少し前に新しく読み始めた本のページを、また一枚はらりと捲る。
(平和だ…)
この乱世の束の間の平和を思い、静かな時を堪能する。
暖かな風が吹き、草木が囁き合う。
馬が駆ける音が遠くに聞こえる。
小鳥が小さく鳴き声を上げる。そして羽ばたく、音。
それ以外何も聞こえない、平和で閑で静かな時―――…。
「しゅ・う・ゆ〜っ!!」
「………!?」
―――は、突然崩された。
ガバッと物凄い勢いで抱きつかれバランスを崩す周瑜に、孫策は満面の笑顔を向ける。
「休みだずぇ〜っ!!」
「………ああ。
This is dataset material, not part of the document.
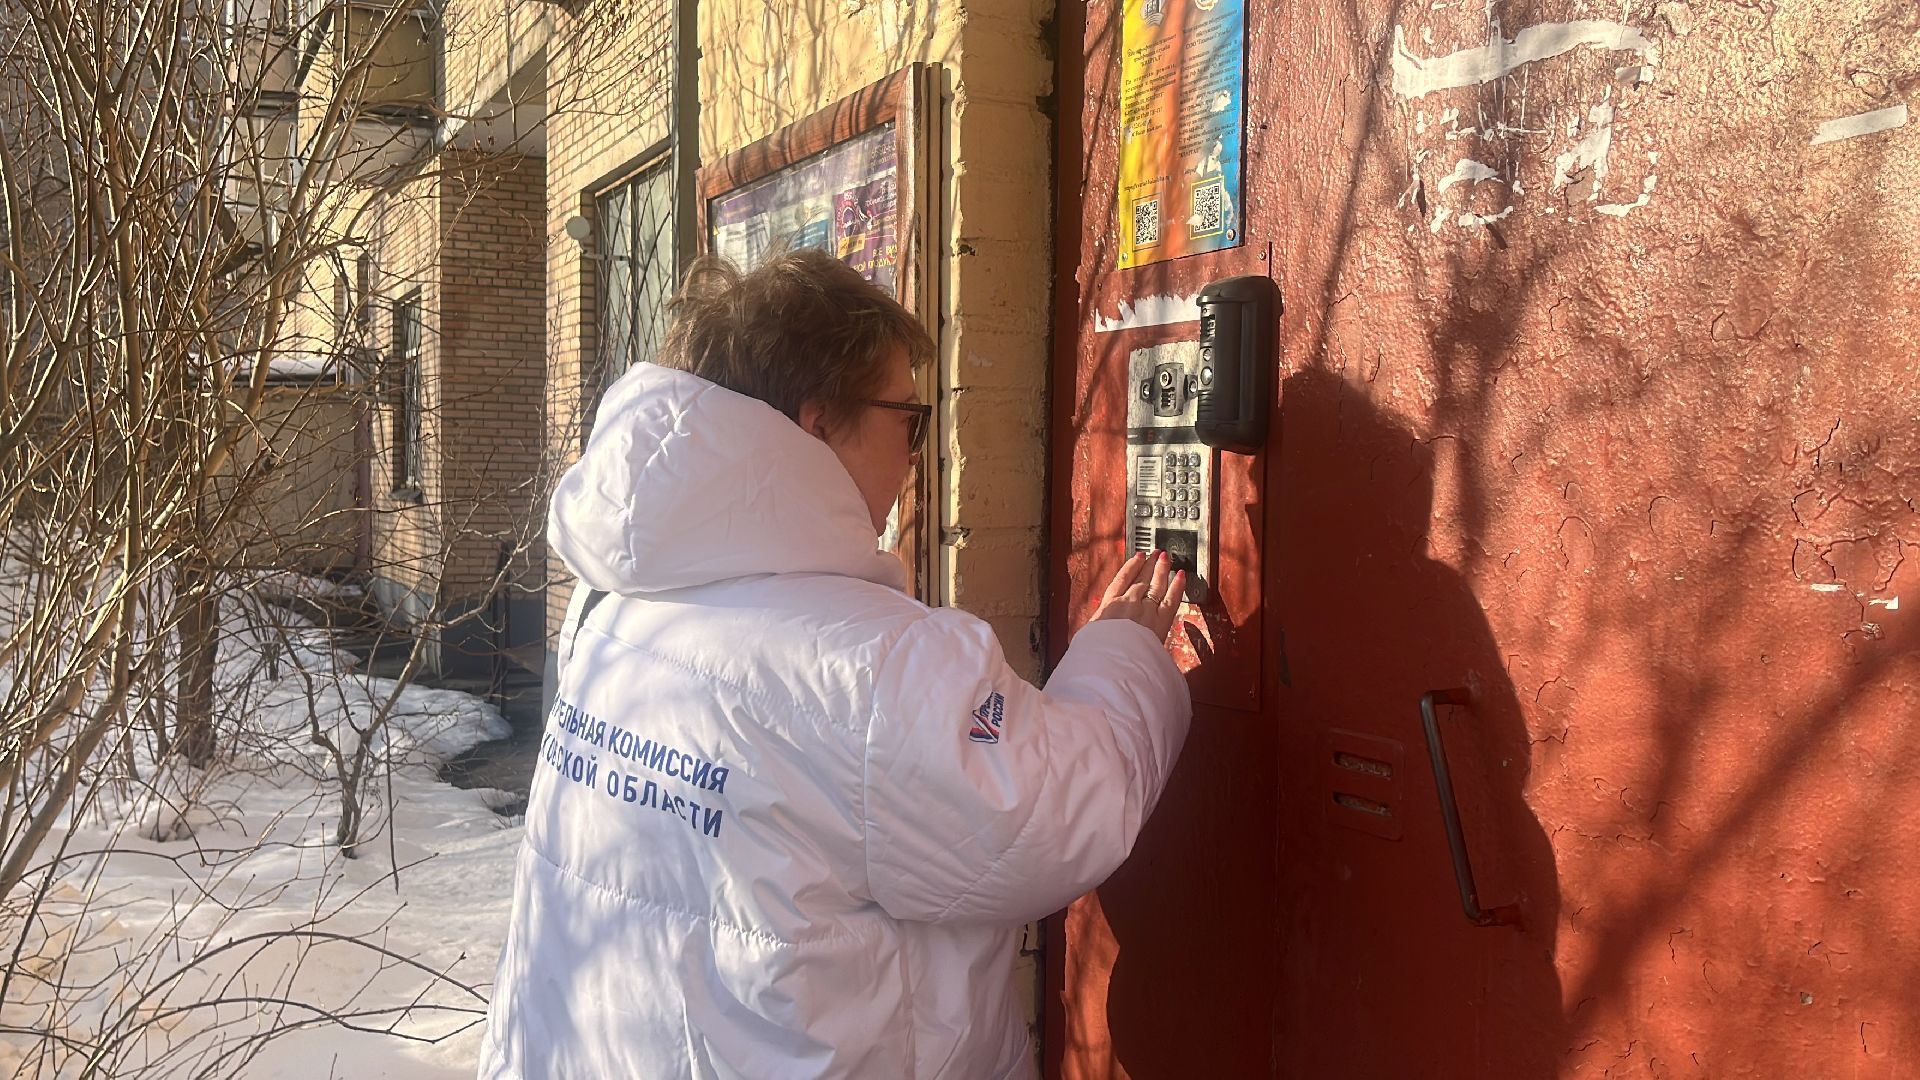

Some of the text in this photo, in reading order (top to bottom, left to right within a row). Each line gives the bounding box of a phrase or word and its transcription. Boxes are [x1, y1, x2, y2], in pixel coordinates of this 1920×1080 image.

[992, 692, 1005, 727] РОССИИ
[608, 726, 730, 794] КОМИССИЯ
[607, 771, 723, 838] ОБЛАСТИ
休みだな」
クシャクシャになりそうな書物を何とか死守し、周瑜は孫策に苦笑を向ける。
毎度ながら眩しい彼の笑顔は、休みだからだろうか。いつもに増して輝かしかった。
「何か良い事でもあったのか?」
あまりの眩しさにそう言えば、彼は「おうっ」と頷いて懐をあさり始めた。不思議そうに見る周瑜の目の前に、やがて一枚の紙が現れる。
「………何だこれは?」
何やら嬉しそうにニコニコと笑ってこちらの様子を窺う彼から、周瑜はその紙を受け取ってじっと眺めた。そこには地図らしきものが描いてあり、ある一点に朱色の×印が打ってある。
―――これは……まさか……?
「………孫策。これは何だ?」
改めて訊く周瑜に、孫策は子供のような笑みを浮かべて、言った。
「宝の地図だっ!!」
唖然とする自分に、孫策はもう一度太陽のような眩しい笑みを浮かべると、周瑜の手をぎゅっと握りしめて立ち上がらせた。
「行こうぜ周瑜!!……冒険だ!!」
最初は楽しそうに。最後は悪戯を思いついた悪ガキのように。しかしやはり彼は嬉しそうに微笑んで、私を見た。